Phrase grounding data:
◇ ◇ ◇ ◇ ◇ ◇ ◇
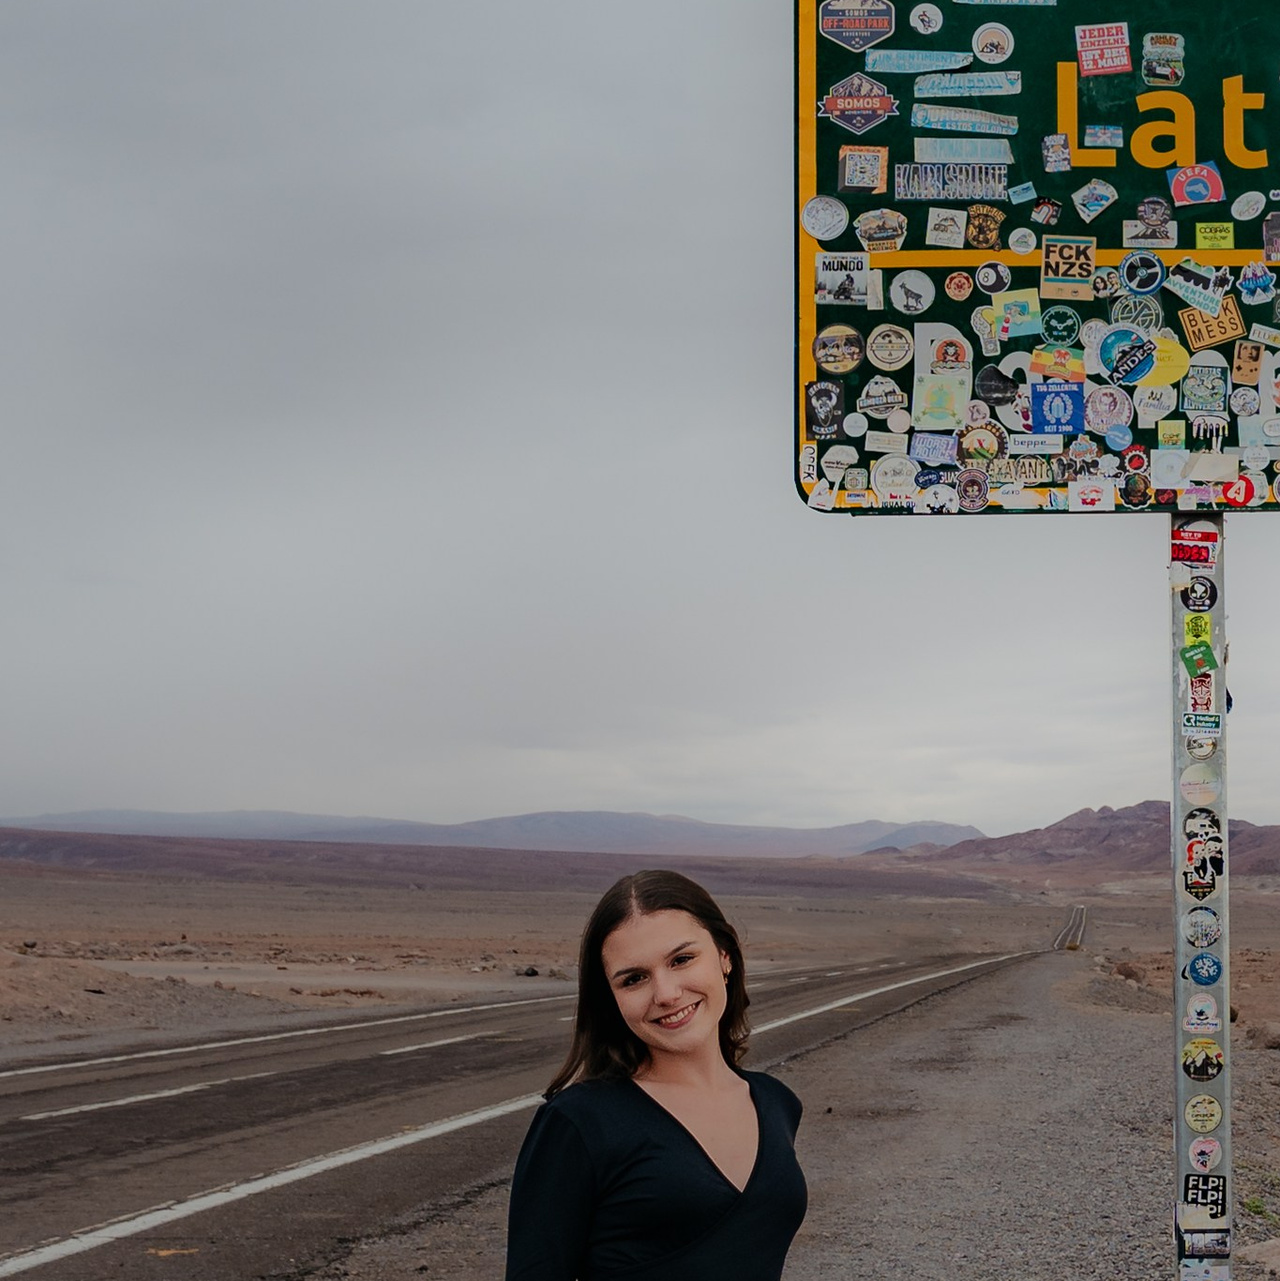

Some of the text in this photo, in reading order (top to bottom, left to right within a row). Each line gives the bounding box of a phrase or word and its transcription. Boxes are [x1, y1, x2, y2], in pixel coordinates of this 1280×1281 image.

[1080, 26, 1124, 40] JEDER
[836, 98, 880, 109] SOMOS
[1177, 167, 1209, 182] UEFA
[1044, 244, 1092, 261] FCK
[822, 260, 864, 272] MUNDO
[1044, 261, 1092, 278] NZS
[1189, 301, 1234, 329] BLK
[1191, 317, 1240, 345] MESS
[1112, 341, 1155, 381] ANDES
[915, 435, 953, 448] WORST
[1013, 437, 1047, 448] beppe
[1188, 1176, 1223, 1190] FLP!
[1187, 1189, 1223, 1204] FLP!
◇ ◇ ◇ ◇ ◇ ◇ ◇
Problem to work on:
Write out every line of the entries above exactly, and omit their pictures.

Expected output:
Some of the text in this photo, in reading order (top to bottom, left to right within a row). Each line gives the bounding box of a phrase or word and its transcription. Boxes are [x1, y1, x2, y2], in pixel coordinates of this 1280×1281 image.

[1080, 26, 1124, 40] JEDER
[836, 98, 880, 109] SOMOS
[1177, 167, 1209, 182] UEFA
[1044, 244, 1092, 261] FCK
[822, 260, 864, 272] MUNDO
[1044, 261, 1092, 278] NZS
[1189, 301, 1234, 329] BLK
[1191, 317, 1240, 345] MESS
[1112, 341, 1155, 381] ANDES
[915, 435, 953, 448] WORST
[1013, 437, 1047, 448] beppe
[1188, 1176, 1223, 1190] FLP!
[1187, 1189, 1223, 1204] FLP!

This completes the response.